Referring expression grounding data:
=== Section Start ===

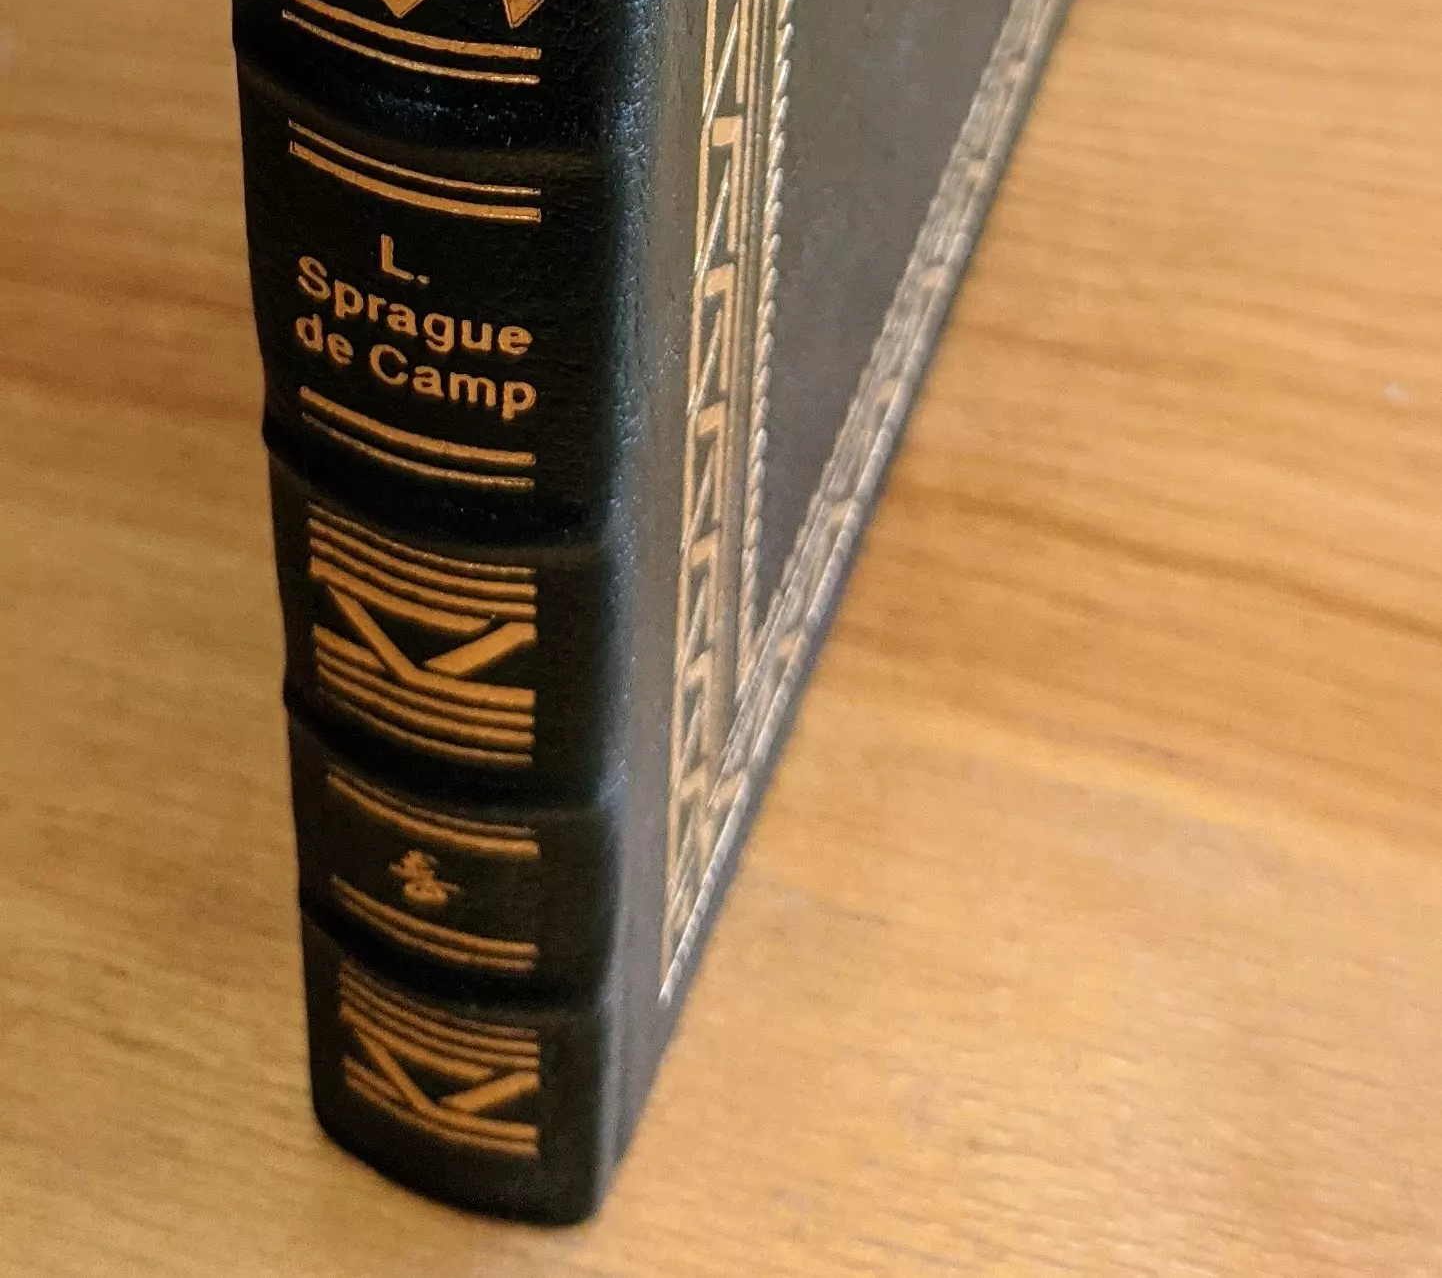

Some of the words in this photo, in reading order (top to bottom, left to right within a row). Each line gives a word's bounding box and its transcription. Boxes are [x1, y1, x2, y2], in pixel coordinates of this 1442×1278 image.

[297, 255, 533, 356] Sprague
[380, 233, 430, 285] L.
[295, 313, 354, 366] de
[369, 343, 537, 421] Camp
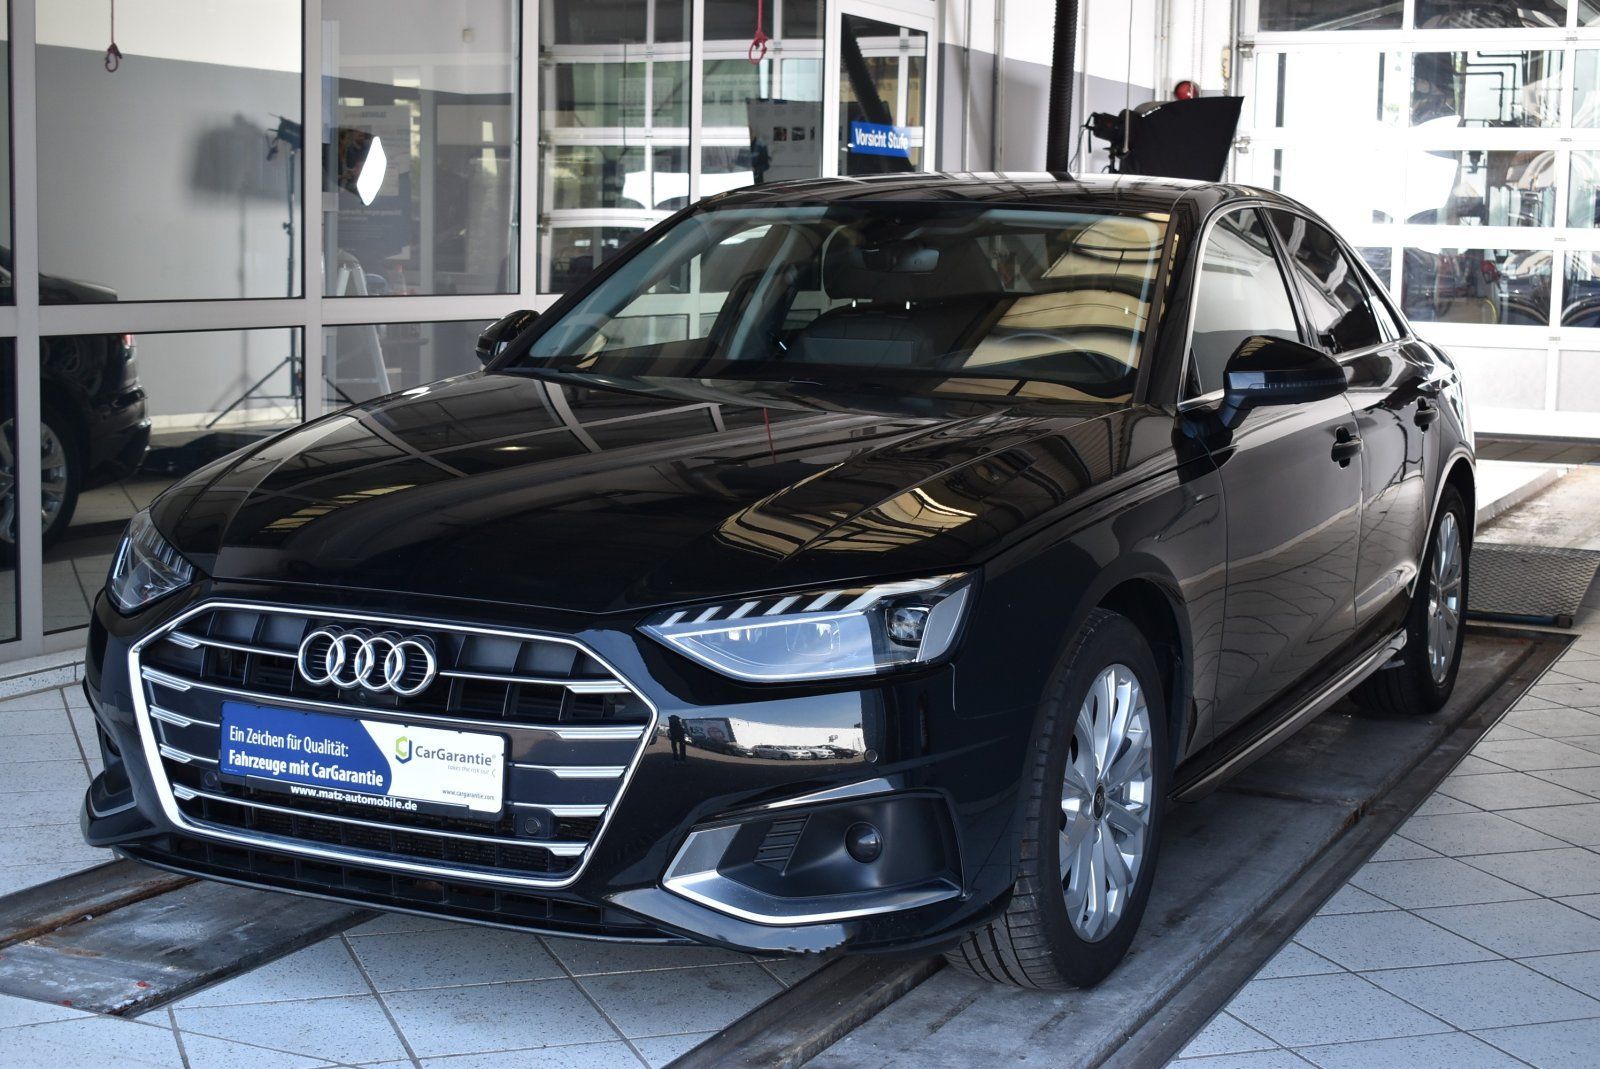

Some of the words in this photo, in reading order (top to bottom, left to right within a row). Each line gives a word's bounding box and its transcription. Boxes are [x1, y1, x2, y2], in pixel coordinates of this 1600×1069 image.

[854, 127, 887, 148] Vorsicht
[887, 131, 909, 150] Stufe
[229, 725, 245, 742] Ein
[246, 728, 285, 748] Zeichen
[286, 733, 302, 751] für
[303, 736, 349, 757] Qualität:
[229, 749, 287, 776] Fahrzeuge
[288, 759, 310, 776] mit
[311, 761, 384, 786] CarGarantie
[415, 745, 492, 766] CarGarantie
[290, 785, 418, 811] www.matz-automobile.de
[442, 789, 495, 801] www.cargarantie.com

=== Section End ===

WHAT TO WORK ON: Retype the data above exactly; pictures are not part of the copy.

EXERCISE SOLUTION:
Some of the words in this photo, in reading order (top to bottom, left to right within a row). Each line gives a word's bounding box and its transcription. Boxes are [x1, y1, x2, y2], in pixel coordinates of this 1442×1278 image.

[297, 255, 533, 356] Sprague
[380, 233, 430, 285] L.
[295, 313, 354, 366] de
[369, 343, 537, 421] Camp

Some of the words in this photo, in reading order (top to bottom, left to right within a row). Each line gives a word's bounding box and its transcription. Boxes are [x1, y1, x2, y2], in pixel coordinates of this 1600×1069 image.

[854, 127, 887, 148] Vorsicht
[887, 131, 909, 150] Stufe
[229, 725, 245, 742] Ein
[246, 728, 285, 748] Zeichen
[286, 733, 302, 751] für
[303, 736, 349, 757] Qualität:
[229, 749, 287, 776] Fahrzeuge
[288, 759, 310, 776] mit
[311, 761, 384, 786] CarGarantie
[415, 745, 492, 766] CarGarantie
[290, 785, 418, 811] www.matz-automobile.de
[442, 789, 495, 801] www.cargarantie.com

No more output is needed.